Karnataka High Court.
Credit: DH Photo
Bengaluru: The High Court has observed that with the growing number of sites being purchased in lands that are not part of sanctioned layouts, there is a pressing need for the state government to devise a comprehensive scheme to regulate such land transactions.
Justice Sachin Shankar Magadum made the observation while dismissing a petition seeking a direction to issue an e-Khata for a site purchased in 2010.
The petitioner, U. Mamatha, a resident of Holalkere town in Chitradurga district, had bought the residential site in 2010. She said the local authority issued her a manual khata in 2015 and that she had been paying property tax regularly. She later applied to the Holalkere Town Municipality for an e-Khata, enclosing her title deed, conversion order, and tax-paid receipts. However, her application was rejected on June 21, 2024, based on circulars issued by the Urban Development Department and the Department of Municipal Administration on March 22, 2017, and January 5, 2018, respectively.

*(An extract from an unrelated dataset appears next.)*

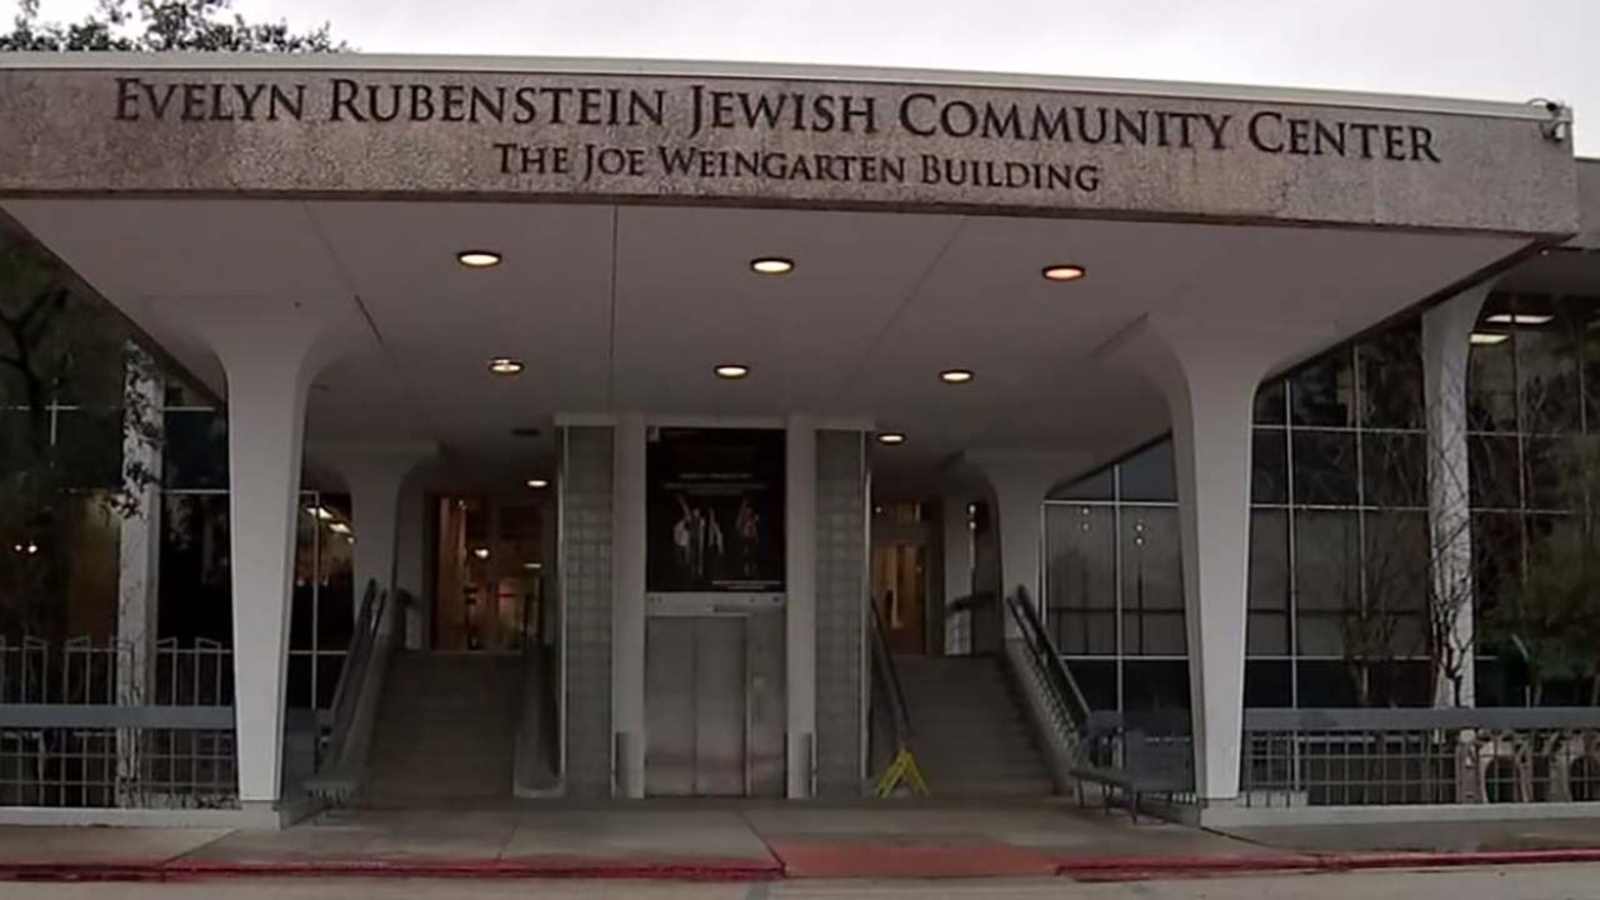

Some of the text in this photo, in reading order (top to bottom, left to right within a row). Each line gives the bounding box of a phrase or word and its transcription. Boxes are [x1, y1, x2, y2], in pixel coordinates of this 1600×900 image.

[115, 77, 1441, 163] EVELYN RUBENSTEIN JEWISH COMMUNITY CENTER
[494, 143, 1100, 193] THE JOE WEINGARTEN BUILDING
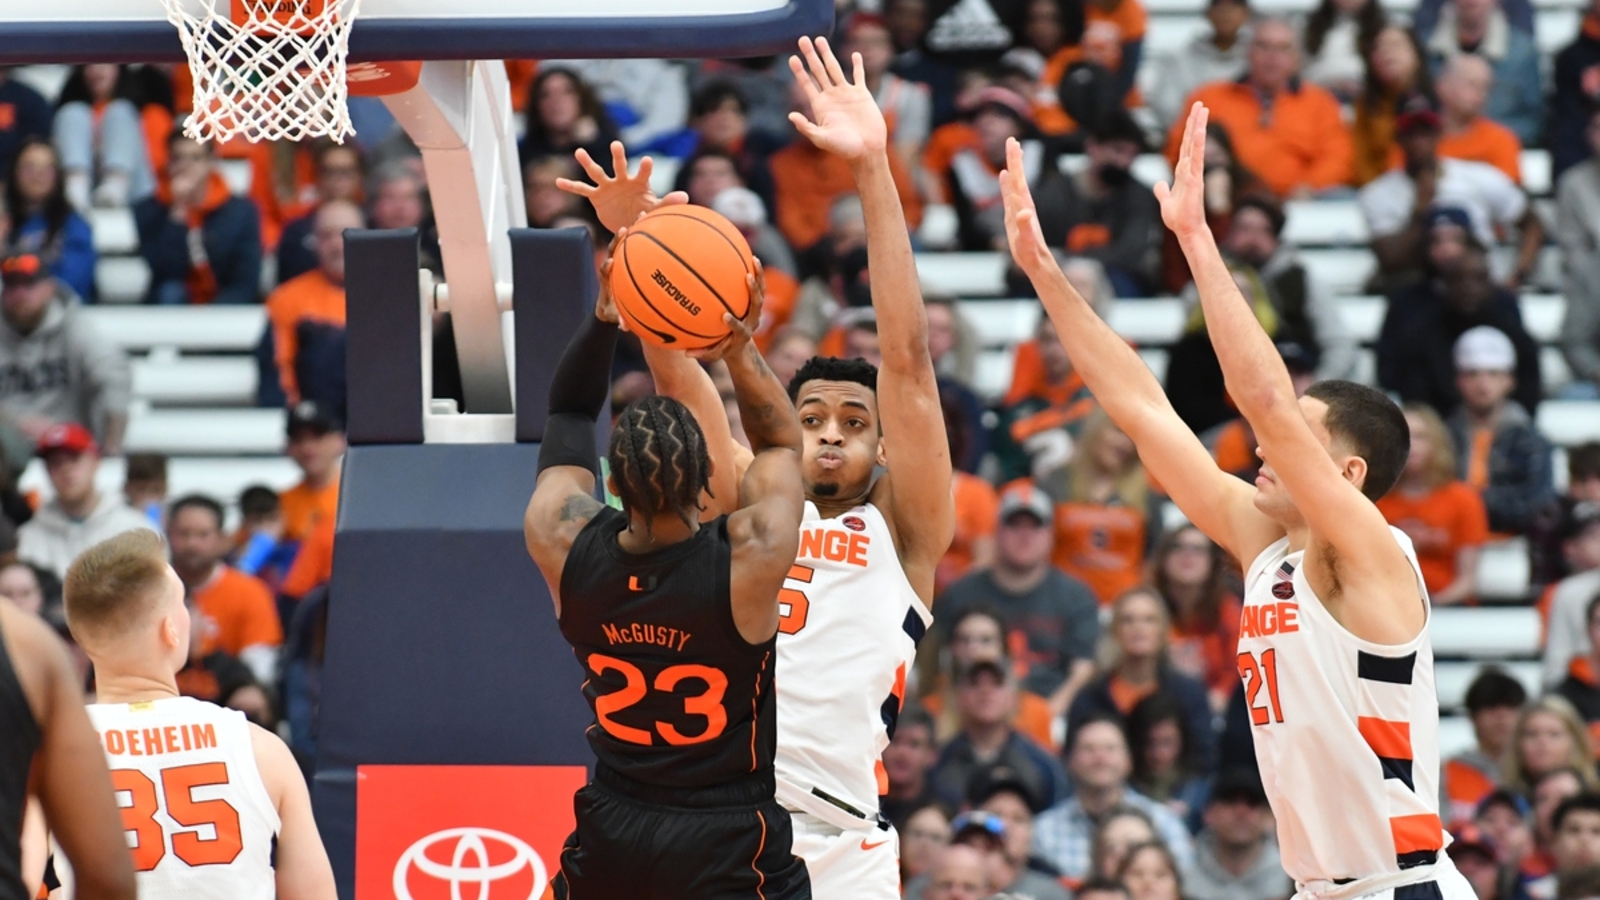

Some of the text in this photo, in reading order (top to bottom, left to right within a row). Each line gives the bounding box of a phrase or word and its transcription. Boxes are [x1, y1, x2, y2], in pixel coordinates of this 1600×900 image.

The municipality, in its response, submitted that the circulars prohibit issuing e-Khata for plots without layout plan approval from the competent authority. It also stated that it had written to the state government seeking directions to allow issuance of e-Khata by collecting betterment charges at 10% of the current market value of sites. However, the state government later issued another circular in March 2018 explicitly prohibiting the issuance of e-Khata for plots lacking layout approval.
After examining Section 17(2B) of the Karnataka Town and Country Planning (KTCP) Act, Justice Magadum noted that although the site in question was part of land converted for residential purposes, it did not fall within an approved layout. The judge said Section 17(2B) was introduced with the legislative intent of curbing the unregulated and haphazard formation of sites in revenue and converted lands.
“The provision imposes a mandatory duty on landowners and developers to obtain approval of the layout plan from the competent planning authority. It further stipulates that only upon development of the layout in accordance with the sanctioned plan, securing a completion certificate, and handing over the roads, civic amenity sites, and parks to the local authority, can individual site owners acquire enforceable rights in respect of the sites,” the court observed.
“The object behind the insertion of sub-section (2B) is to ensure orderly development of urban areas, proper provision of civic amenities, and to prevent the mushrooming of illegal layouts which burden public infrastructure,” Justice Magadum added.
While dismissing the petition, the court said, “With increasing instances of purchasers acquiring sites in converted lands that are not part of sanctioned layouts, there is a pressing necessity for the state to devise a comprehensive scheme to regulate such transactions. Unless and until the state formulates appropriate guidelines or a regularisation mechanism consistent with the object of Section 17(2B) of the KTCP Act, courts cannot, in individual cases, bypass the statutory mandate and issue directions contrary to law.”
The court emphasised that the legislative intent behind Section 17(2B) is to strike a balance between urban development and the rights of innocent purchasers, while ensuring that civic infrastructure and planned growth of towns are not compromised.